KABUL — A Taliban suicide bomb and gun assault on a government security building during yesterday morning rush hour in central Kabul killed at least 28 people and wounded more than 320, in the deadliest single attack in the Afghan capital since 2011.

KABUL — A Taliban suicide bomb and gun assault on a government security building during yesterday morning rush hour in central Kabul killed at least 28 people and wounded more than 320, in the deadliest single attack in the Afghan capital since 2011.

President Ashraf Ghani condemned the assault “in the strongest possible terms”, he said in a statement from the presidential palace, located only a few hundred metres away from the scene of the blast.

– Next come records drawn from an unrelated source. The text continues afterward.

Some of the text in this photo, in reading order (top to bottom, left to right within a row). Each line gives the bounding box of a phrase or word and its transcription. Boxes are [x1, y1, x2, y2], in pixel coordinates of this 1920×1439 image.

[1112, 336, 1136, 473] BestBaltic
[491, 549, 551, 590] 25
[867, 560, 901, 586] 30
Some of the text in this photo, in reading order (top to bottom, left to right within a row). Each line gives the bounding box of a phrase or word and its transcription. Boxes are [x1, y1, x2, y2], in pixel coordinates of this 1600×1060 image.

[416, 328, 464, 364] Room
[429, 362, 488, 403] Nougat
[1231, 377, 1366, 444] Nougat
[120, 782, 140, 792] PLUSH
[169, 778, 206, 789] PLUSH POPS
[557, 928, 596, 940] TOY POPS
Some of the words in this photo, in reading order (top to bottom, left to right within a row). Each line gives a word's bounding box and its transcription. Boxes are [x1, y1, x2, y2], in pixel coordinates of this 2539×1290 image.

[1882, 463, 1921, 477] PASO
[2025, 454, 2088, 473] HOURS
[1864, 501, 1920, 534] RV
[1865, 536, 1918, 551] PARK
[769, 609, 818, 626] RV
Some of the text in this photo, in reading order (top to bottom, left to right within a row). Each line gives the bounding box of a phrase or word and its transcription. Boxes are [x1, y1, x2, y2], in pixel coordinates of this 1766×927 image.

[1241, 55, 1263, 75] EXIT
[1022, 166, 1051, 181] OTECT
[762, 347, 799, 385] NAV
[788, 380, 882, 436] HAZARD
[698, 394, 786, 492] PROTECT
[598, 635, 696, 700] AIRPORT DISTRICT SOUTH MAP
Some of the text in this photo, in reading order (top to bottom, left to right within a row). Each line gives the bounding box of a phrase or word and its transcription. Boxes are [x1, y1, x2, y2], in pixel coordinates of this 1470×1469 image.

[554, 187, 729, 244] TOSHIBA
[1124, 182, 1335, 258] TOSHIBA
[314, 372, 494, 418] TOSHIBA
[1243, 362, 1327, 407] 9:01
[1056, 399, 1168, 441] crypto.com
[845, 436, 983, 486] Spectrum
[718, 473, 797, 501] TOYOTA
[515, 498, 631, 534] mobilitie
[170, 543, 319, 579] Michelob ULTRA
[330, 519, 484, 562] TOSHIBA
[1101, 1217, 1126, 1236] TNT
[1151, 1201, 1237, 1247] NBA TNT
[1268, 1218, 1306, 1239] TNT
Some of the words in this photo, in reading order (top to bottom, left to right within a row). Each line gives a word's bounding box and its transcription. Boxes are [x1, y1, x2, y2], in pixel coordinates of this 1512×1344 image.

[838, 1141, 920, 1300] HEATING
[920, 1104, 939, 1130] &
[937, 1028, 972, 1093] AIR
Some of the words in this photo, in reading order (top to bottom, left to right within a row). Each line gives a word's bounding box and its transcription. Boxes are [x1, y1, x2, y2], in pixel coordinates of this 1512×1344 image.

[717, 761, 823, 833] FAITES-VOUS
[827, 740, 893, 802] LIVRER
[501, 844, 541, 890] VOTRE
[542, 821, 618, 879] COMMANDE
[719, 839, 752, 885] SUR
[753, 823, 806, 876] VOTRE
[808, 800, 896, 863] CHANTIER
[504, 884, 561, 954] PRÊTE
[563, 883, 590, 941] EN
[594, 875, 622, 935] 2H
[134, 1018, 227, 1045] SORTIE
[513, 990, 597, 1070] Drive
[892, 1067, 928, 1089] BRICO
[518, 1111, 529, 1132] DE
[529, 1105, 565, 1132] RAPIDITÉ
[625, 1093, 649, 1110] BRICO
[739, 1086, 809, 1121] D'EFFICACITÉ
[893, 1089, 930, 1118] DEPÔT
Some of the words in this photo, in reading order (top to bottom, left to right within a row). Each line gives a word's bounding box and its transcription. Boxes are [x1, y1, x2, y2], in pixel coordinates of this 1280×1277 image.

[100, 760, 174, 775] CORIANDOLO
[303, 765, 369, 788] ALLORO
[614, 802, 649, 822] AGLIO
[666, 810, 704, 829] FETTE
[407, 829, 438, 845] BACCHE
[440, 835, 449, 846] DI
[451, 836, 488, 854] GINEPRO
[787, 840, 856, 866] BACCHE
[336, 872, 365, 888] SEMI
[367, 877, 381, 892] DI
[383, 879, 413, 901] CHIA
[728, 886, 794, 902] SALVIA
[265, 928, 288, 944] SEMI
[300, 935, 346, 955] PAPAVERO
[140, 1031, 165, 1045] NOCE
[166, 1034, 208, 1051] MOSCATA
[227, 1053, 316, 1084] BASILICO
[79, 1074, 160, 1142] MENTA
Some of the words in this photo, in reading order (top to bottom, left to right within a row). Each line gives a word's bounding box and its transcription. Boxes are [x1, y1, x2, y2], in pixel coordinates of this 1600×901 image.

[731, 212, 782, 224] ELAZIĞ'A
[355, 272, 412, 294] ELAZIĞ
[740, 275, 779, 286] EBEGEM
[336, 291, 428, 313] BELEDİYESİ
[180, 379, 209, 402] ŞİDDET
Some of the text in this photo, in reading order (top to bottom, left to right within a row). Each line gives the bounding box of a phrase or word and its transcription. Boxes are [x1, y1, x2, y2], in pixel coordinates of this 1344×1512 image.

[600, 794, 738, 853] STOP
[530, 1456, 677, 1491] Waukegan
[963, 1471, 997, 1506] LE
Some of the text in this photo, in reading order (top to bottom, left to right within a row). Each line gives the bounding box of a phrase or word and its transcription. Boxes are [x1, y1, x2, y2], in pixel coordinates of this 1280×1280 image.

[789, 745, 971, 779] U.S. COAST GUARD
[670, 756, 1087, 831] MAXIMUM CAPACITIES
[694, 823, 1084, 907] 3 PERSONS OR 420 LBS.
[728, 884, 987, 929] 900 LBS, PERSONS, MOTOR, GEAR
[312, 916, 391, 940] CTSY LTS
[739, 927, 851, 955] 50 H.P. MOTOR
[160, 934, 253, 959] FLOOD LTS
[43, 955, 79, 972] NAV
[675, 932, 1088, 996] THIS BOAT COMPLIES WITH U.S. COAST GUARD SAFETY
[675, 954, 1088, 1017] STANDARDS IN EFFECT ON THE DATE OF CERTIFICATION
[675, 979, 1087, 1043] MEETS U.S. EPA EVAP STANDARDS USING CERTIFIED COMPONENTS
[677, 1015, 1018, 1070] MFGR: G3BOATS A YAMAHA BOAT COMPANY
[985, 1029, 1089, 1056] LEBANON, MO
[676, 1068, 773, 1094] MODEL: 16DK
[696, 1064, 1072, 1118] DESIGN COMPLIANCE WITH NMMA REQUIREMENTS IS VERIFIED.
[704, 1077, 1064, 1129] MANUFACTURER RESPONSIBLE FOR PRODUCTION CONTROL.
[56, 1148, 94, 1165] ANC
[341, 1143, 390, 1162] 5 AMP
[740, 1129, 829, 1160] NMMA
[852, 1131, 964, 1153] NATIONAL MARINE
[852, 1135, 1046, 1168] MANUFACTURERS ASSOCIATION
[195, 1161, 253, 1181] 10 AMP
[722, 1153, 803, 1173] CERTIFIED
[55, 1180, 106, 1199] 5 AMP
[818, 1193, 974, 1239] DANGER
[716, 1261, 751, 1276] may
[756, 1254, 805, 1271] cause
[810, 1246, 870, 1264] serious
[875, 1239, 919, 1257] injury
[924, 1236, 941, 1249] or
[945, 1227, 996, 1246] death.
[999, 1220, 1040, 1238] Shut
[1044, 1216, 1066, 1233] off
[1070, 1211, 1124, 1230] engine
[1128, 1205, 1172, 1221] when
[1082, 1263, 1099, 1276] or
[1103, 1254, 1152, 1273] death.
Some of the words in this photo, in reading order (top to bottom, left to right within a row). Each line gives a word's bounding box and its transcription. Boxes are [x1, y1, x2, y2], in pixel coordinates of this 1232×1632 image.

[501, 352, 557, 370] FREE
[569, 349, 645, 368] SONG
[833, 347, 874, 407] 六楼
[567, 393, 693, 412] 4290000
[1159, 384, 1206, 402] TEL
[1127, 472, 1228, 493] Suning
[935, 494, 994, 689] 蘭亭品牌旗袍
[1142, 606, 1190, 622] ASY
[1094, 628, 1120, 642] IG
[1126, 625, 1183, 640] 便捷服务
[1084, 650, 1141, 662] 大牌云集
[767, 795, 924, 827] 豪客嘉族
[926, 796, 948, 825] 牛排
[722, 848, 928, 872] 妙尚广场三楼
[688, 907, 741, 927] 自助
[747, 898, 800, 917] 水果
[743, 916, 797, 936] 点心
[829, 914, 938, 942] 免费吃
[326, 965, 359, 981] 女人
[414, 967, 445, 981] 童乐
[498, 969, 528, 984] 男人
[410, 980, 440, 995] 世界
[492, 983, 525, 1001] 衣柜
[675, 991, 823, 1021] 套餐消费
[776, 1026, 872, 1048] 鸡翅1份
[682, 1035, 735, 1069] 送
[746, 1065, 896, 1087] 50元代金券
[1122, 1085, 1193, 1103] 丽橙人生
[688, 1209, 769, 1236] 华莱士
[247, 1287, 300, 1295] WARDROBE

The insurgency led by the Afghan Taliban has gained strength since the withdrawal of most international combat troops at the end of 2014, and the Islamist group is believed to be stronger than at any point since it was driven from power by United States-backed forces in 2001.

With nerves on edge in Kabul, a second explosion hit the city in the evening but no serious casualties were reported from the blast, which was caused by an improvised device, according to Interior Minister spokesman Sediq Sediqqi.

Police chief Abdul Rahman Rahimi said civilians and members of the Afghan security forces were among those killed and wounded in the morning blast, when a suicide car-bomber blew himself up outside the wall of a National Directorate of Security office, an elite security force that provides protection to senior government officials. He said just one militant had entered the compound, and that he had been gunned down in less than half an hour.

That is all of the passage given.